Extract the stretch of lines that starts at the line with "this 1280×1440 image." and ends at the last line of the data below. Give it exactly, without pictures.
————————
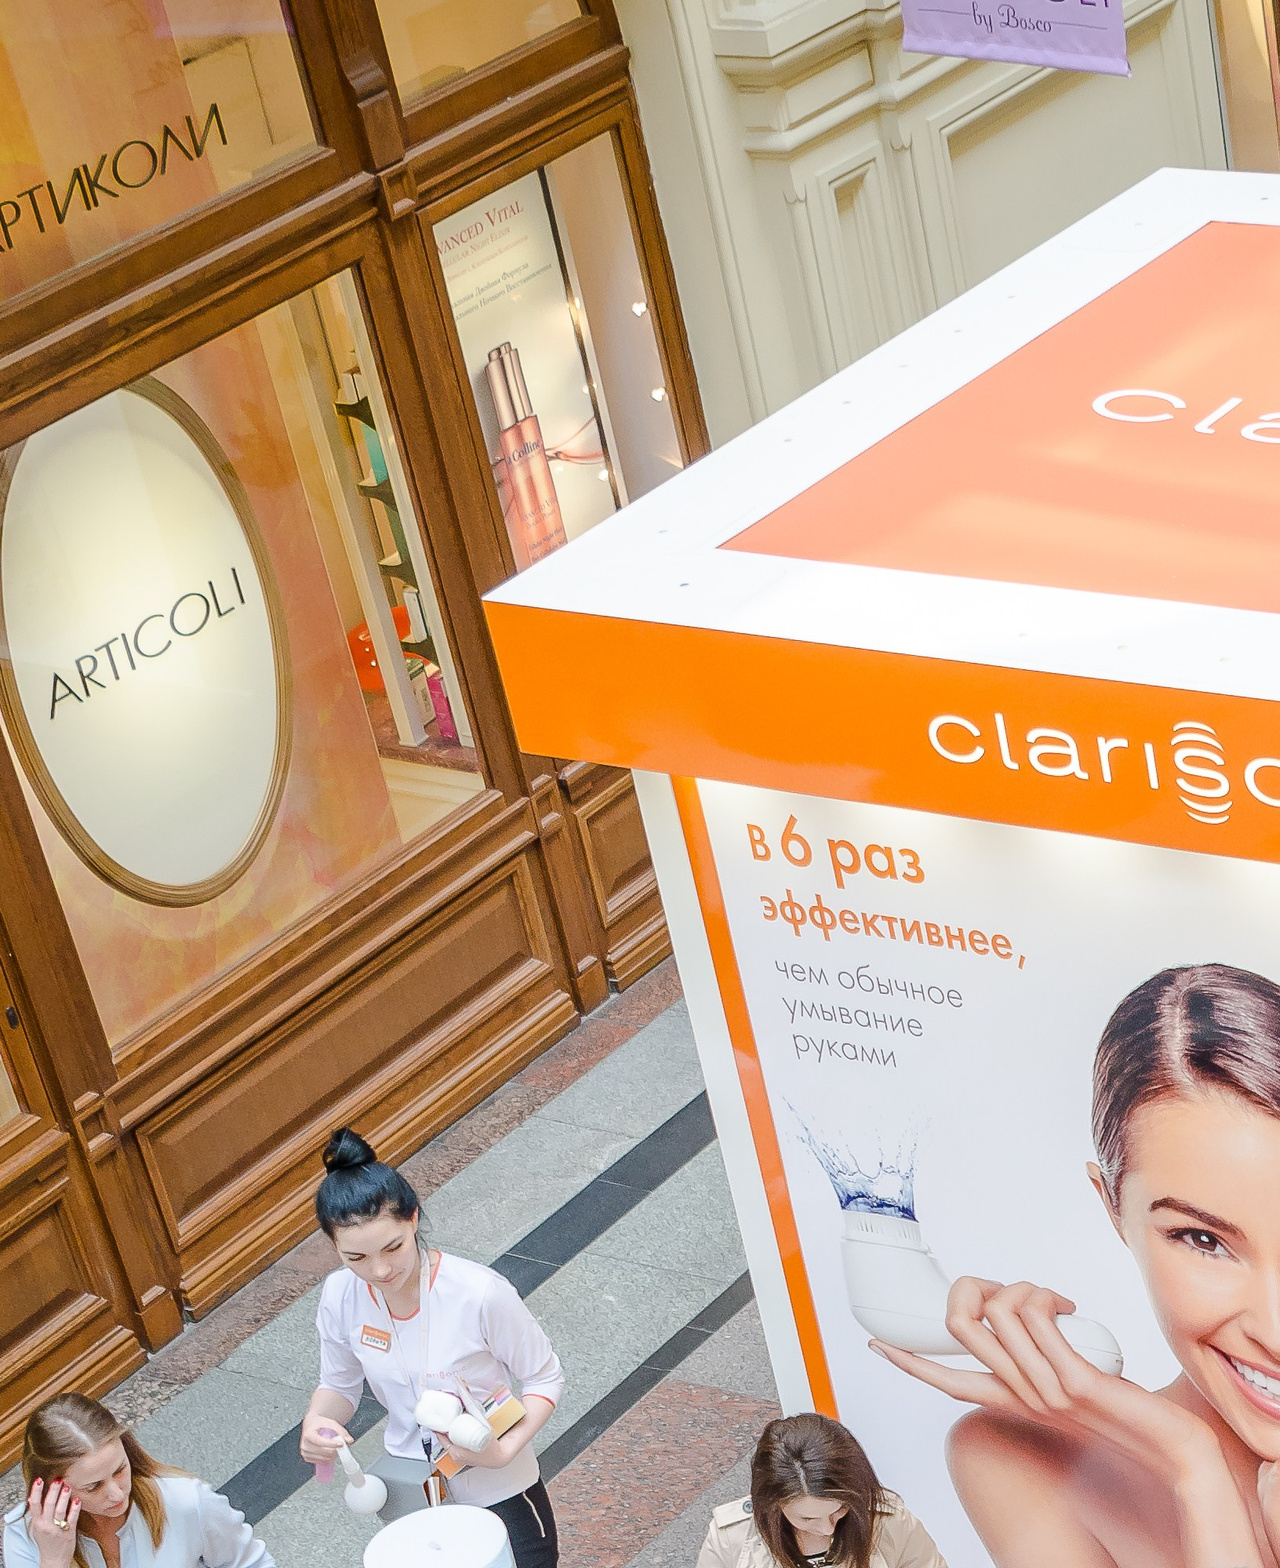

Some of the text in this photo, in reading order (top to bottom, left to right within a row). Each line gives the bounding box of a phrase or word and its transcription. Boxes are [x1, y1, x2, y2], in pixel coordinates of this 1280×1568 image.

[972, 2, 1052, 33] by Bosco
[0, 102, 228, 251] РТИКОЛИ
[484, 200, 524, 228] VITAL
[49, 566, 246, 720] ARTICOLI
[780, 813, 814, 868] 6
[826, 837, 926, 890] раз
[759, 888, 1026, 971] эффективнее,
[774, 959, 964, 1009] чем обычное
[782, 996, 924, 1038] умывание
[792, 1033, 898, 1069] руками
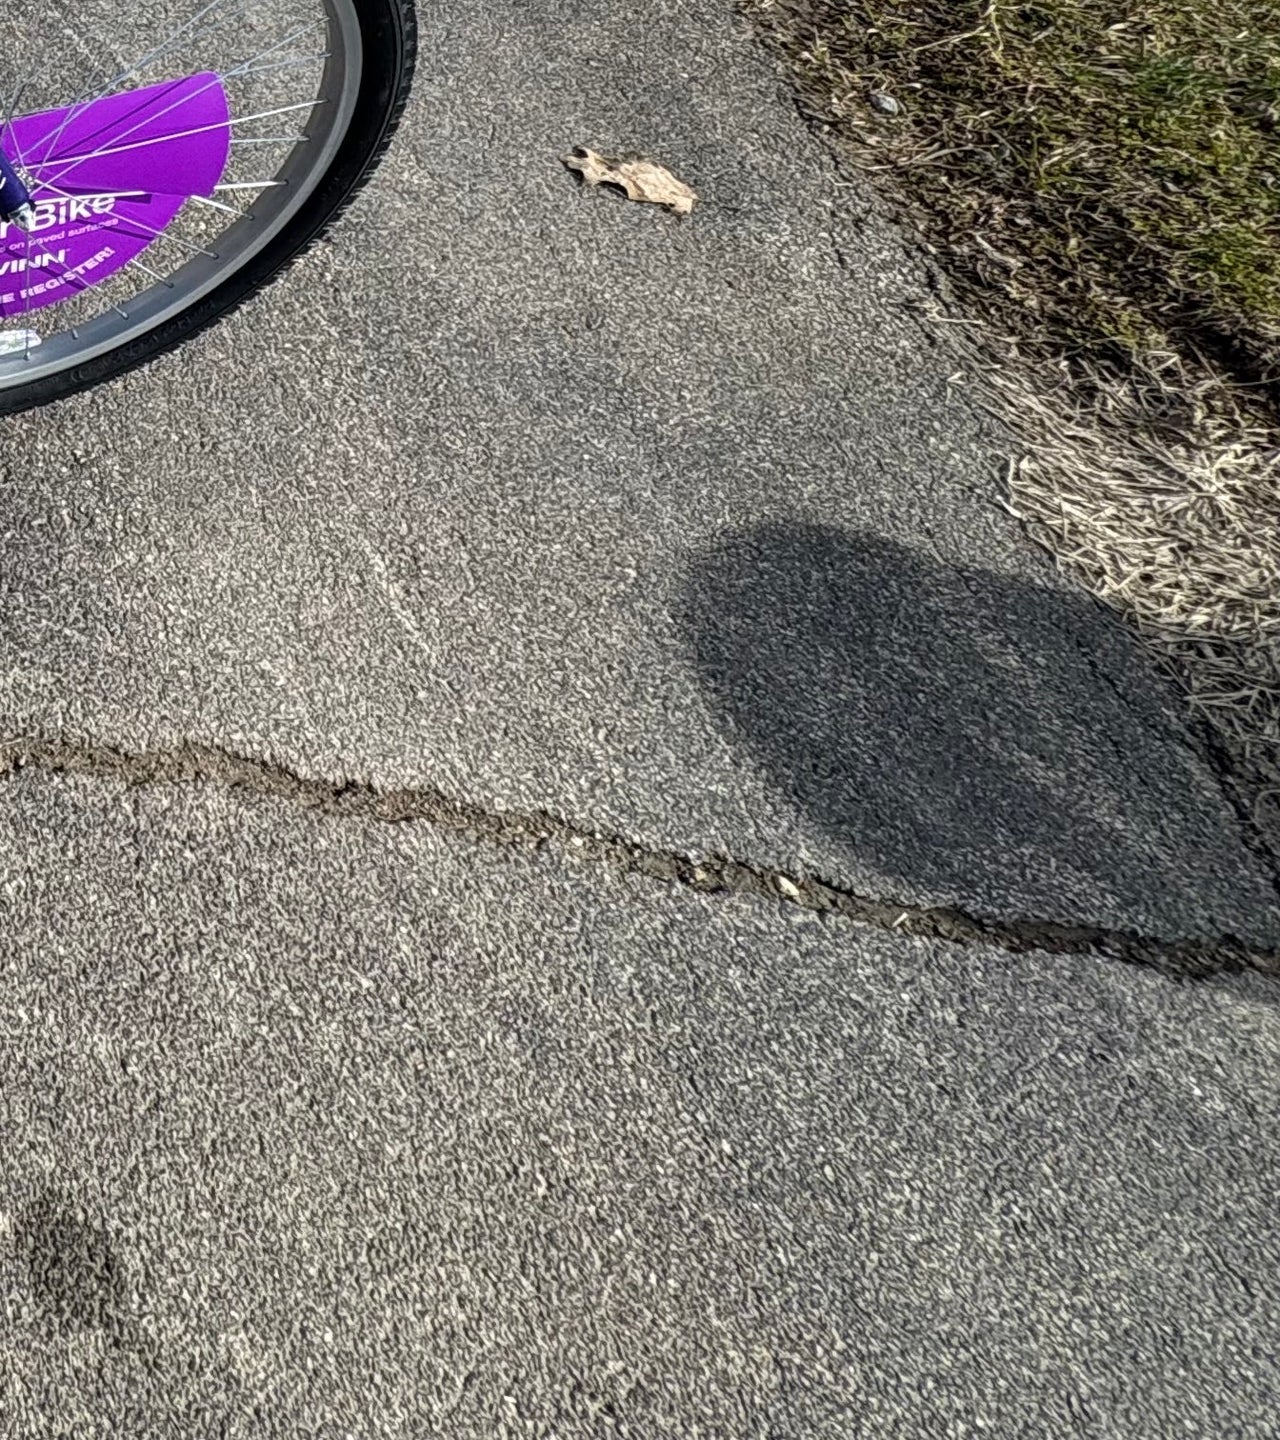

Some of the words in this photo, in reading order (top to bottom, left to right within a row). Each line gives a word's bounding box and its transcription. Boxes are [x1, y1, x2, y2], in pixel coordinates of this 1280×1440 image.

[28, 194, 116, 232] Bike
[9, 240, 26, 251] on
[28, 230, 66, 248] paved
[68, 218, 120, 237] surfaces
[20, 246, 117, 300] REGISTER!
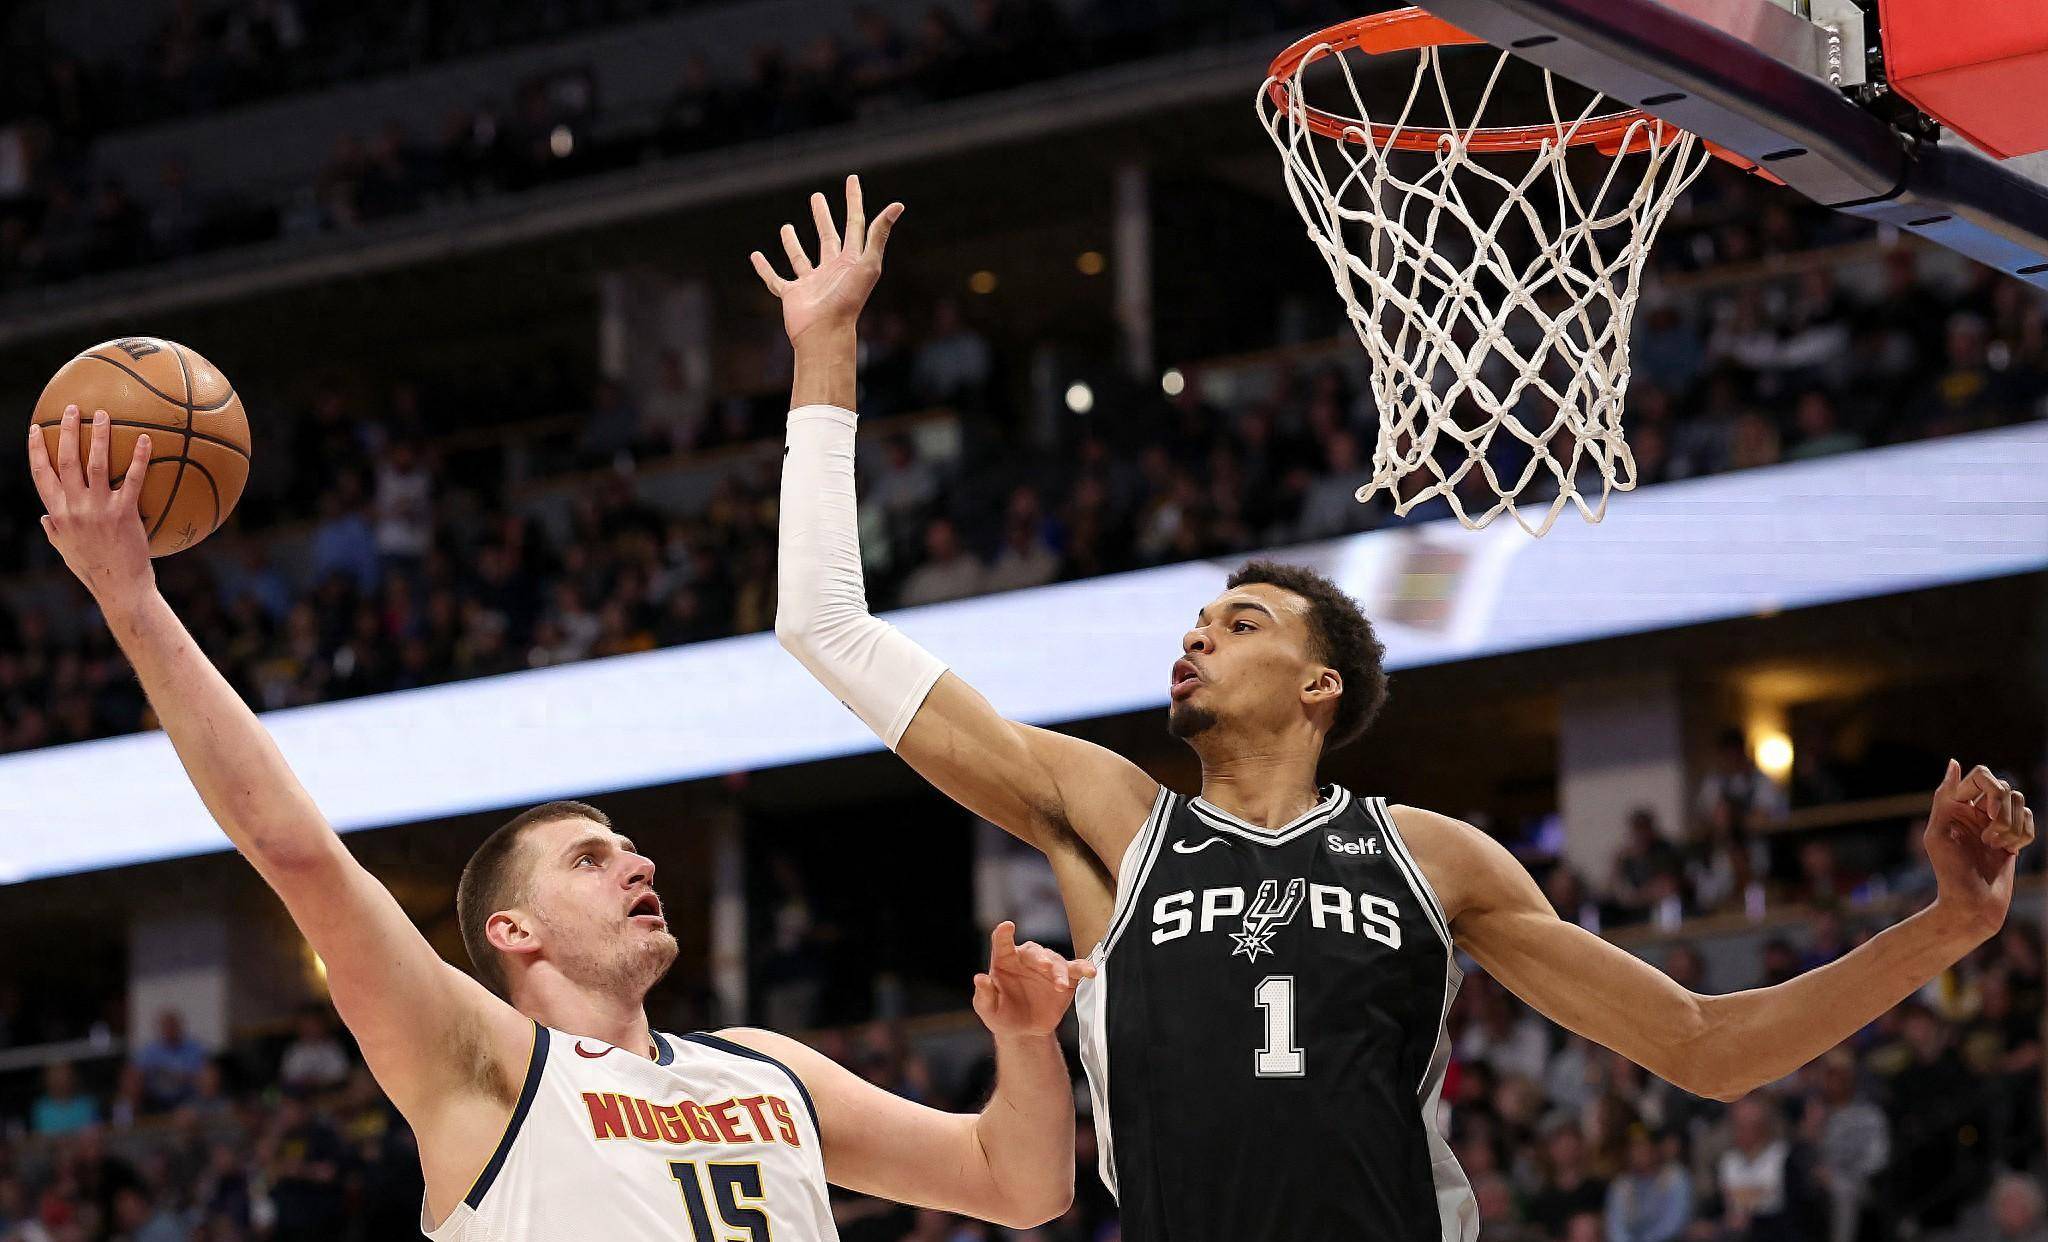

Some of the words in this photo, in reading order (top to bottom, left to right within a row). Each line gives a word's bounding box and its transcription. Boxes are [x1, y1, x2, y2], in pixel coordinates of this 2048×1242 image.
————————
__REPLY TO THE TASK__.
Some of the words in this photo, in reading order (top to bottom, left to right within a row). Each line gives a word's bounding box and its transcription. Boxes are [x1, y1, x2, y2], in pixel coordinates of this 1280×1440 image.

[28, 194, 116, 232] Bike
[9, 240, 26, 251] on
[28, 230, 66, 248] paved
[68, 218, 120, 237] surfaces
[20, 246, 117, 300] REGISTER!

Some of the words in this photo, in reading order (top to bottom, left to right within a row). Each line gives a word's bounding box and its transcription. Boxes are [x1, y1, x2, y2], in pixel coordinates of this 2048×1242 image.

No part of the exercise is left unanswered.